I laughed. “She’s our daughter.”

 

“Ah. Good. Excellent.” The lady laughed again.

 

I saw at once her charms were in her disarming manner, though her figure nothing special. She spoke with a delicate lisp, though not a brutal one; it gave her words a soft slurring sound. Her rose-colored gown was near the same shade as my own. “I cannot say I had any idea this evening would be so lavish,” I offered. “I will be happy to introduce you to anyone you wish of the colonists.”

 

“I came from quite respectable Presbyterians in New Jersey, though there is the rogue or two, just to keep things interesting. This town is lively. So close to the shore you can smell the ocean some days. Tell me, do you know any truly rapacious ogres?”

 

“Madam?”

 

“Surely you know some of Boston’s most illustrious gentlemen? I’m looking for one who is a villain at heart for a particular sport of mine, and not the one you think.
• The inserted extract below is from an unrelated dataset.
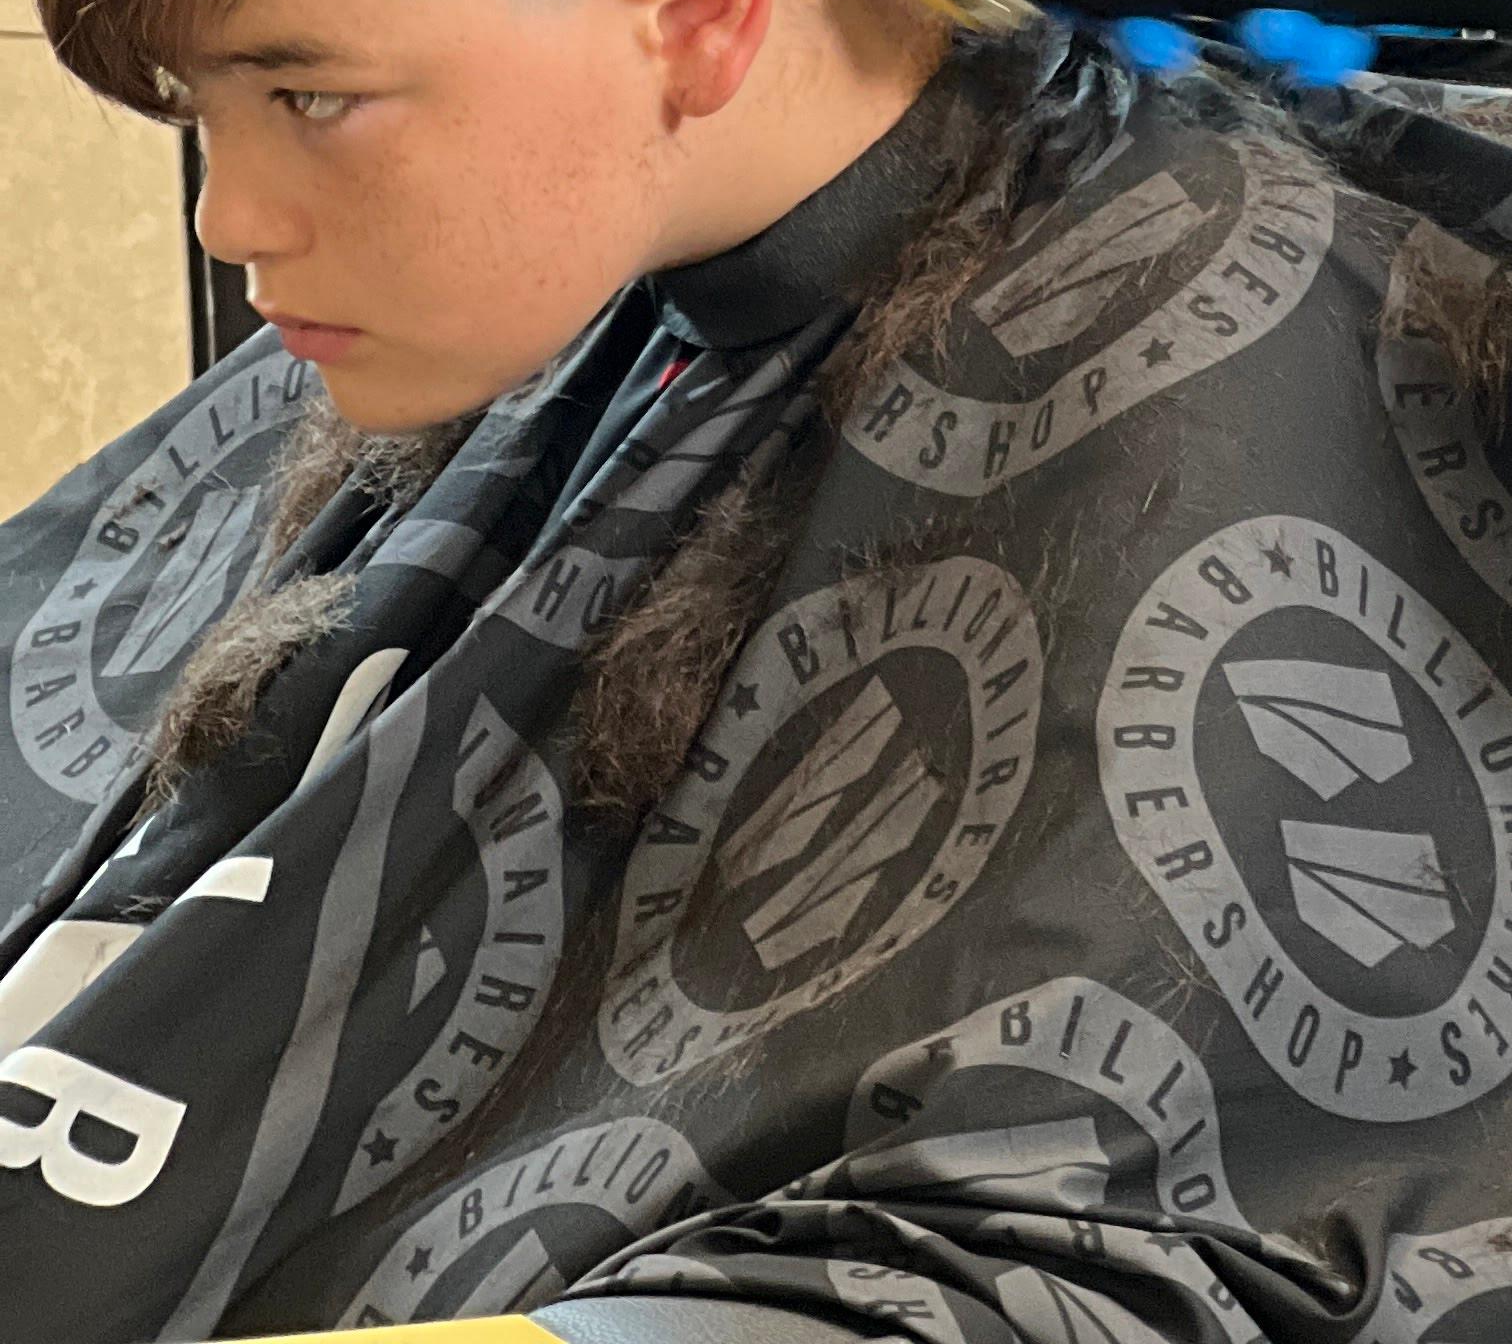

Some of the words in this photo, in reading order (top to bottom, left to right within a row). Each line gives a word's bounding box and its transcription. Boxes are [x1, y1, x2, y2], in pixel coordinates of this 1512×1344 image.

[97, 358, 308, 554] BILLIO
[863, 366, 1109, 480] RSHOP
[1000, 995, 1217, 1212] BILLIO
I find that really devilish men seem to find either simpletons or hags to wed, one who is too stupid to see what he is or one who, if she is clever, is more evil than he. If you know someone here, I should like to meet his wife. I enjoy a good joust.”

 

A chuckle crossed my lips then. “I enjoy them most in secret. I have to live among these people, and I have made enemies enough in my time here. It does not prevent me from imagining, as you say, a good joust. Or a lovely afternoon hanging.”

 

“Ha! I knew I liked you at once. Would you call upon me? Please say yes. I want to know your dressmaker and your husband’s tailor, for his coat is exquisite—if I could get Thomas out of that scarlet and into something more delicate, I am sure he would grow to love it. I am so anticipating making acquaintances here in the colony. We have been here but a month and it is dreadfully boring sitting with the macaroni stew.”

 

“Pardon? Macaroni stew?”

 

She patted my arm with her hand, small and manicured. “The gaggle of girls married to all these officers. ‘Macaroni this,’ and ‘macaroni that’ as if they had the vocabulary of a flea. I adore your gown. I see we have similar tastes. What do you think of this turban affair?”

 

“It is most pleasing, Mistress Gage.”